Colombia’s peso slid to its weakest
since September 2006 as expectations that the central bank will lower
interest rates today undermined demand for the currency.
The currency slid 0.8 percent to 2,411.8 per dollar at 9:49
a.m. New York time from 2,393 yesterday, according to the
Colombian foreign-exchange electronic transactions system, known
as SET-FX. It touched 2,425, the weakest since Sept. 22, 2006.
The currency is down 6.8 percent this month, its biggest
decline since October 2008.
“The market is anticipating a cut of 50 to 100 basis points
and that has increased demand for dollars in the last few
weeks,” said Adriana Botero, an analyst with Acciones y Valores,
a Bogota-based brokerage.
Policy makers will lower Colombia’s overnight lending rate
by 50 basis points to 9 percent later today, according to the
median forecast of 39 economists surveyed by Bloomberg News.

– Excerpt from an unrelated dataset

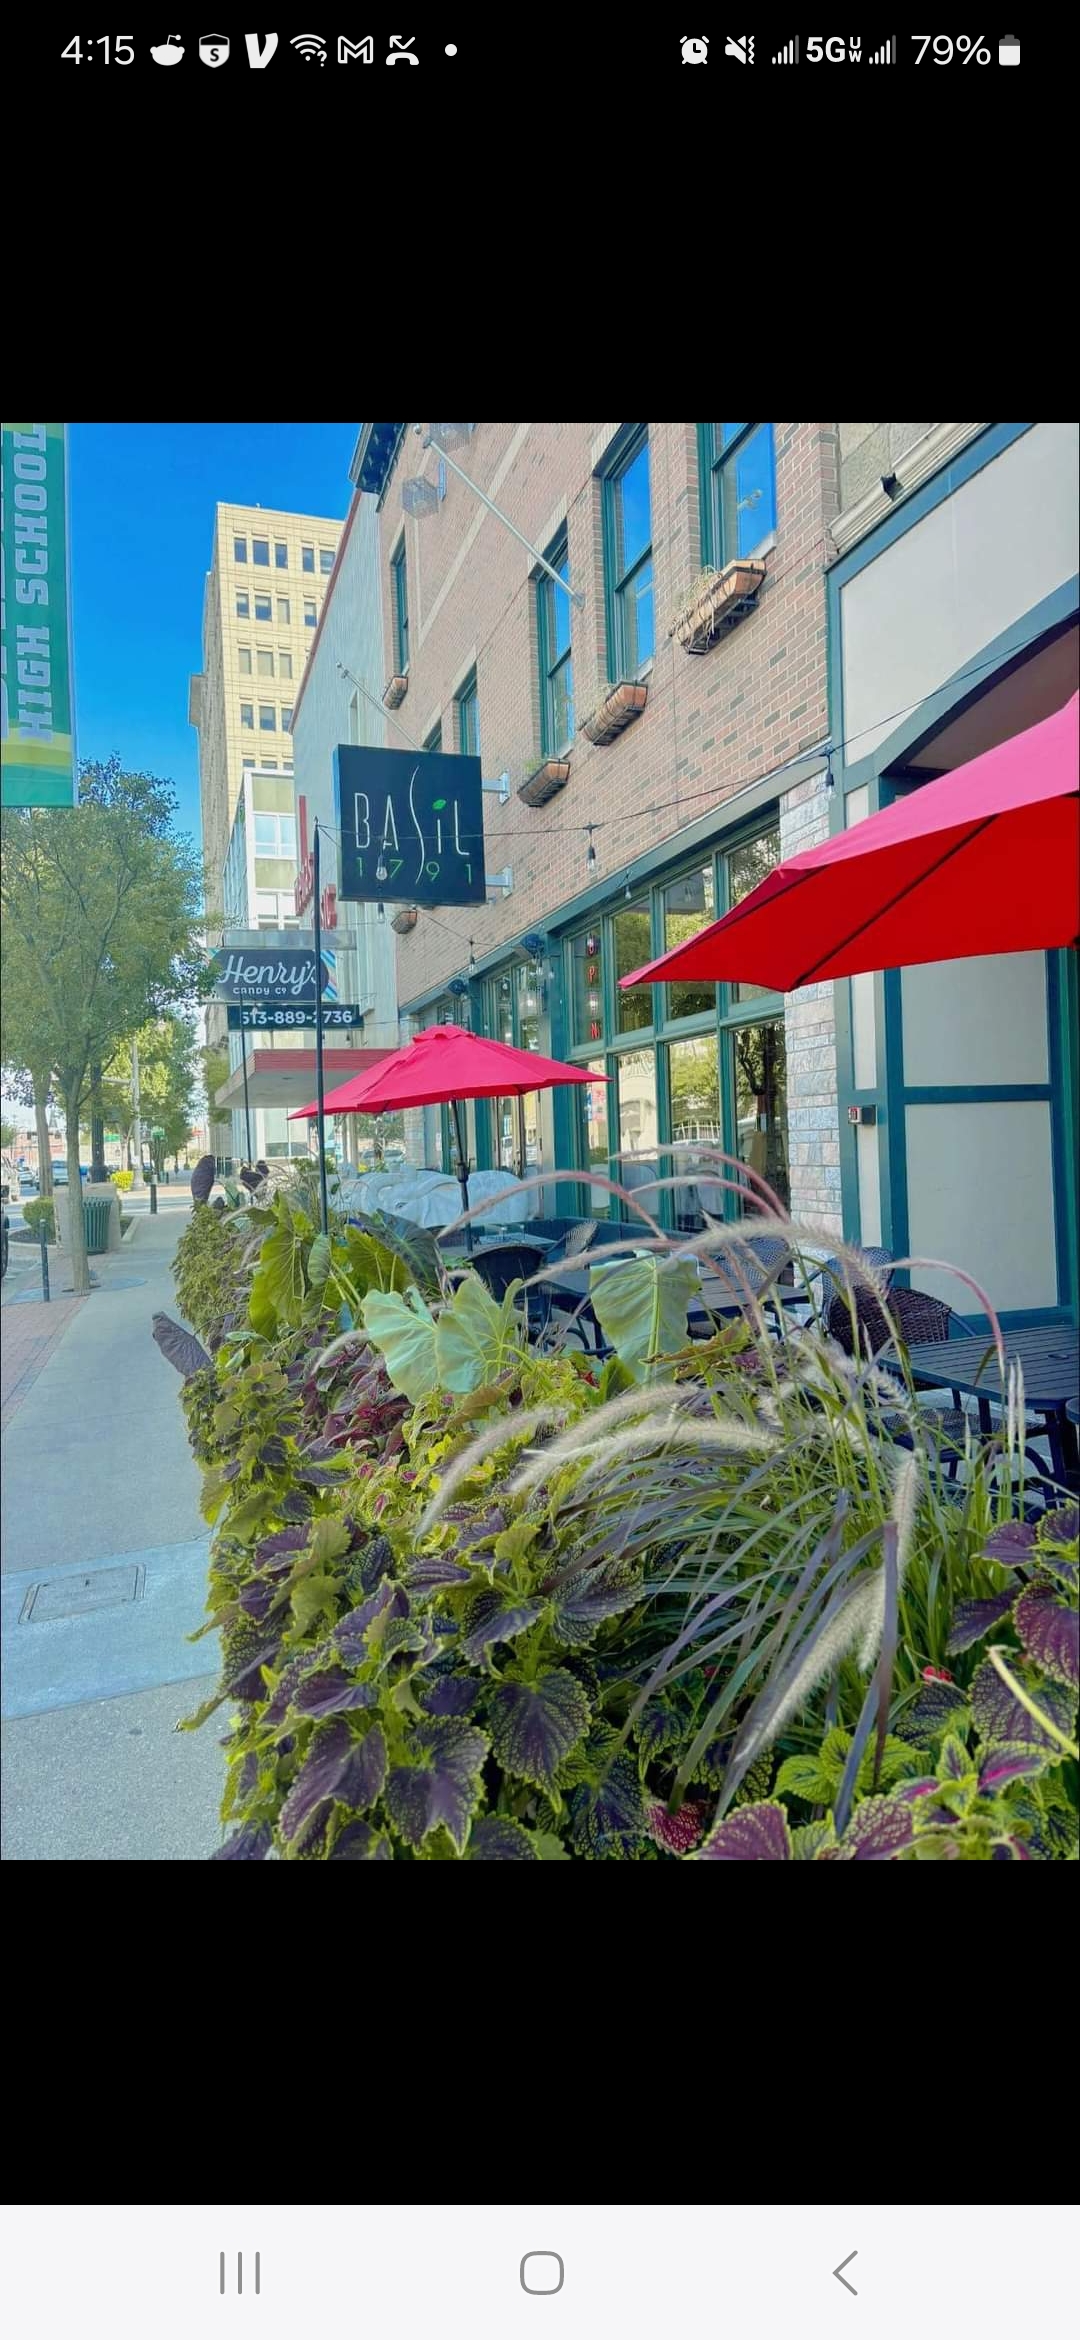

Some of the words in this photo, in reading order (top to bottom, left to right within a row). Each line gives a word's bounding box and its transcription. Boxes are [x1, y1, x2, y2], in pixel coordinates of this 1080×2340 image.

The
central bank reduced rates by half a percentage point on Dec. 19,
the first cut in three years.
“A 50-basis-point cut has already been priced in, so a 100-
basis-point cut would likely generate more movement,” Botero
said.
The yield on Colombia’s 11 percent bonds due in July 2020
dropped eight basis points, or 0.08 percentage point, to 9.67
percent, its lowest since June 2007, according to Colombia’s
stock exchange. (Bloomberg)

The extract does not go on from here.